Abitavo a Parigi all’epoca, ricordo le pentole battute a mo’ di tamburo nel cortile. Ricordo le persone del vicinato che subitaneamente assunsero una faccia. E ricordo poi l’ingresso in rete, a sera, quando le luce fuori si faceva rosa e cobalto e nella stanza moriva, essa, finché il computer non cliccava acceso e la comunità continuava. Ma oltreoceano attraverso le sinapsi di un cervello collettivo, che godeva del nostro infranto isolamento. Lockdown: pausa – comunità – senso – magia. Guerra: morte.

Ora, pare stia facendo l’elogio del covid: no. Dico solo che l’analog, ossia l’interstizio kinghiano che “ogni 27 anni” riemerge in momenti di particolare comunione, e di recente ha preso la forma di un meraviglioso progetto artistico multipersona come YouTube, non è più “quello di una volta” (signora mia!). Arcadia ne è la prova: serie brillante – ma non magica. Come ne sono una prova le ultime uscite di Mandela, sia chiaro.
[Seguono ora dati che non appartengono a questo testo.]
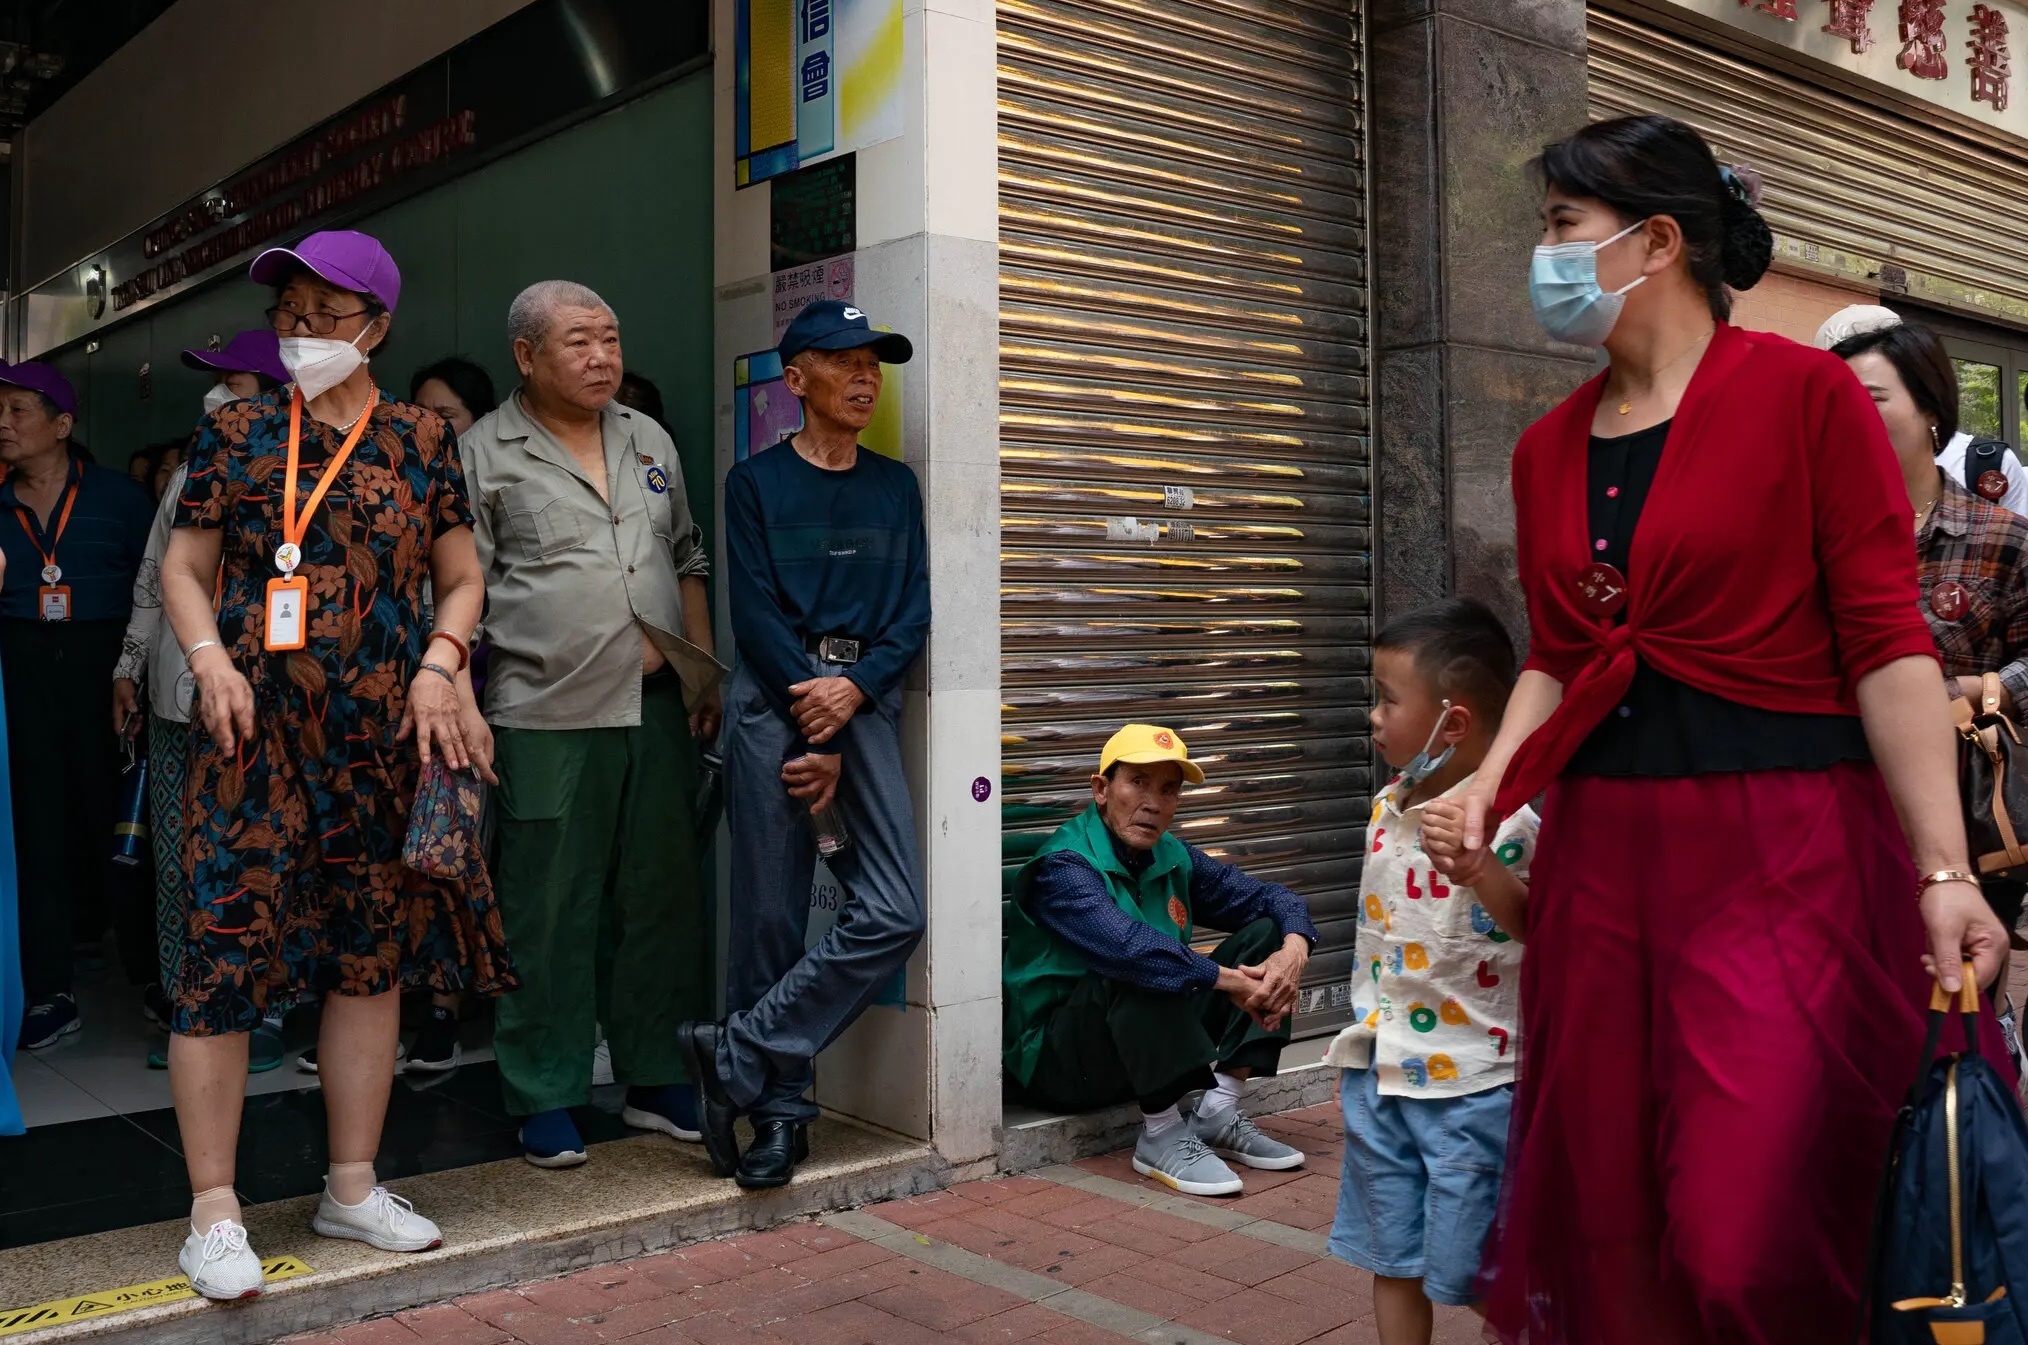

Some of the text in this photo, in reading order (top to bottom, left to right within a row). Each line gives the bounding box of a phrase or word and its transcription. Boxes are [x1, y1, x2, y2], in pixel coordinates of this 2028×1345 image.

[775, 265, 824, 293] 嚴禁吸煙
[775, 291, 826, 312] NO SMOKING
[652, 475, 665, 491] 70
O Greylock, o gli ultimi scampoli di Vita Carnis, o le nuove uscite di Anomaly. E allora come potrà reinventarsi il genere?

Anzitutto, con nuova fruizione. Più persone fanno esperienza dell’arte indipendente, più questa avrà un senso, come le divinità di American Gods. Eppoi, con nuova creazione. Impegno. Significato. L’analog ai tempi della guerra: i tempi che, lungi dal fermarsi, vanno troppo veloci. Che tipo di alternativa all’Orrore potrà proporre il nuovo horror?

A voi la sentenza. Frattanto, sostenete chi ci prova.